Our study showed that both male and female mice retained sodium during the HSHF consumption and females probably retained more than males as shown in figures 2 & 3. This might explain the loss of protection against the HSHF-induced increase in SBP in female mice. The expression data in Table 1 shows higher expression of renal transporters in the distal nephron of female kidneys. Female kidneys expressed higher relative expression of key sodium transporters including NKCC, NCC, NHE3, and ENaC than male kidneys. This now appears to be a consistent finding with other studies we have conducted and is consistent with other research into the sexual dimorphism of renal transporters 27 28. This could also explain the high SBP during the recovery period in female mice compared to male mice.

Future studies looking at the role of estrogen are being planned to determine if its presence increases sodium transport within the kidney. The study will repeat these experimental procedures in ovariectomized mice with and without estrogen supplementation. If estrogen is responsible for higher expression, the estrogen-supplemented mice should show higher expression of sodium transporters and different blood pressure profile than the placebo-treated mice.

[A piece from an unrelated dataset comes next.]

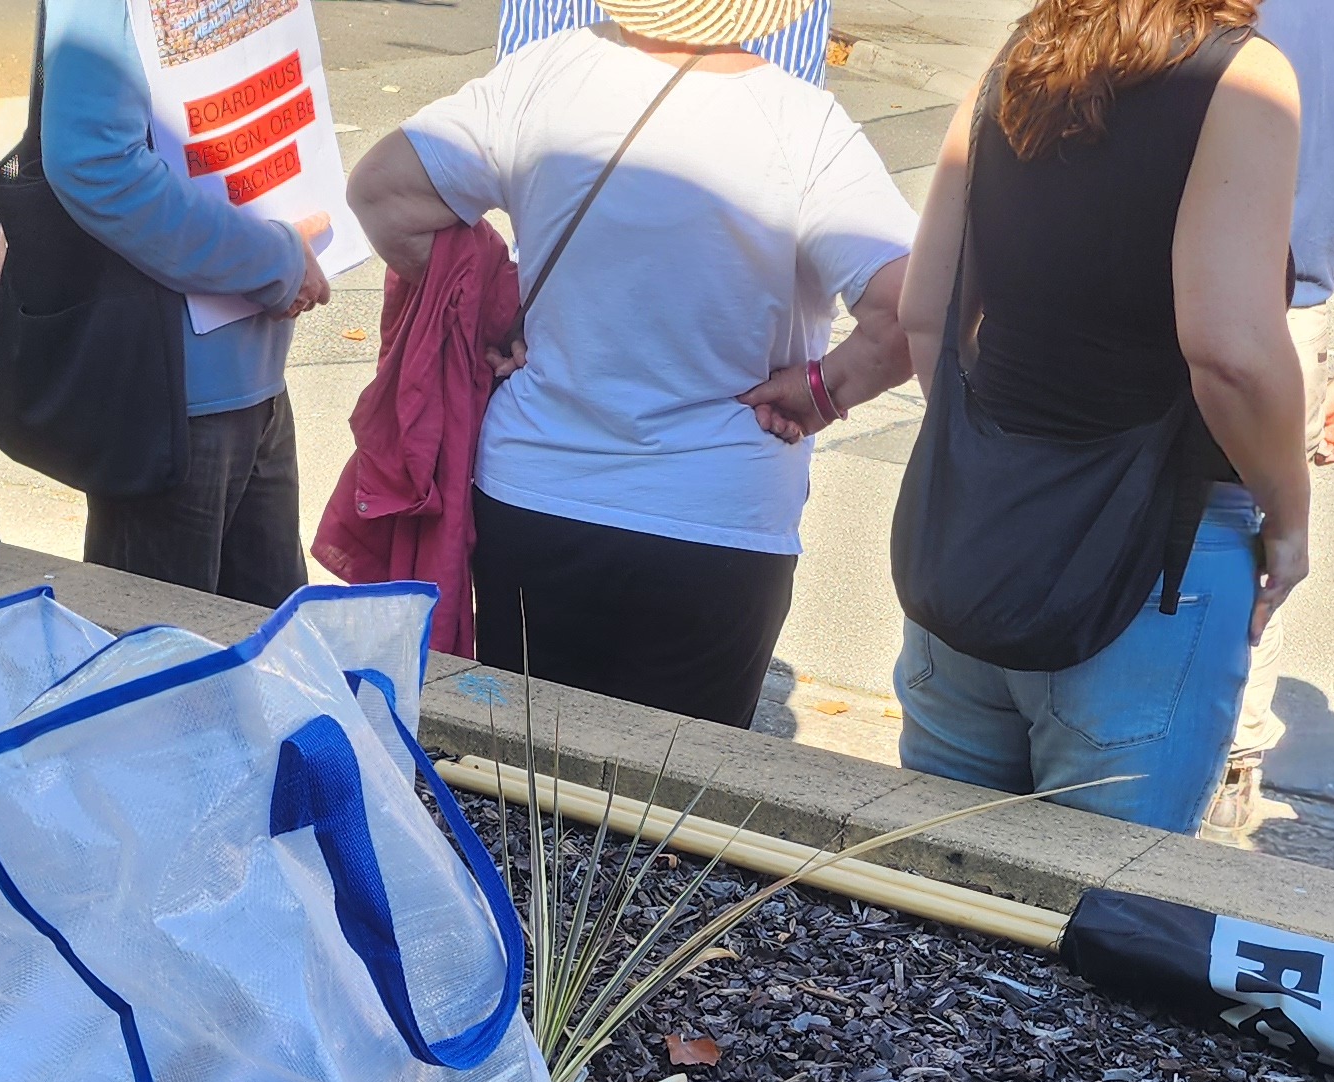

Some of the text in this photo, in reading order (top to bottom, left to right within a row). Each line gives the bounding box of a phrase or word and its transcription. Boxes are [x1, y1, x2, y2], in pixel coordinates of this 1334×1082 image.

[188, 57, 302, 128] BOARD MUST
[187, 92, 314, 171] RESIGN, OR BE

HSHF consumption increased SBP in male and female mice. SBP decreased in male mice but not in female mice during the recovery period. We conclude that female mice are not protected from HSHF-induced increase in blood pressure. Both male and female mice retained sodium during the HSHF consumption period. Female mice had higher expression of some key renal sodium transporters, and this could be responsible for higher sodium retention and subsequent higher SBP in the recovery period. This study challenges the current position that females possess protective mechanisms against dietary-induced increases in blood pressure.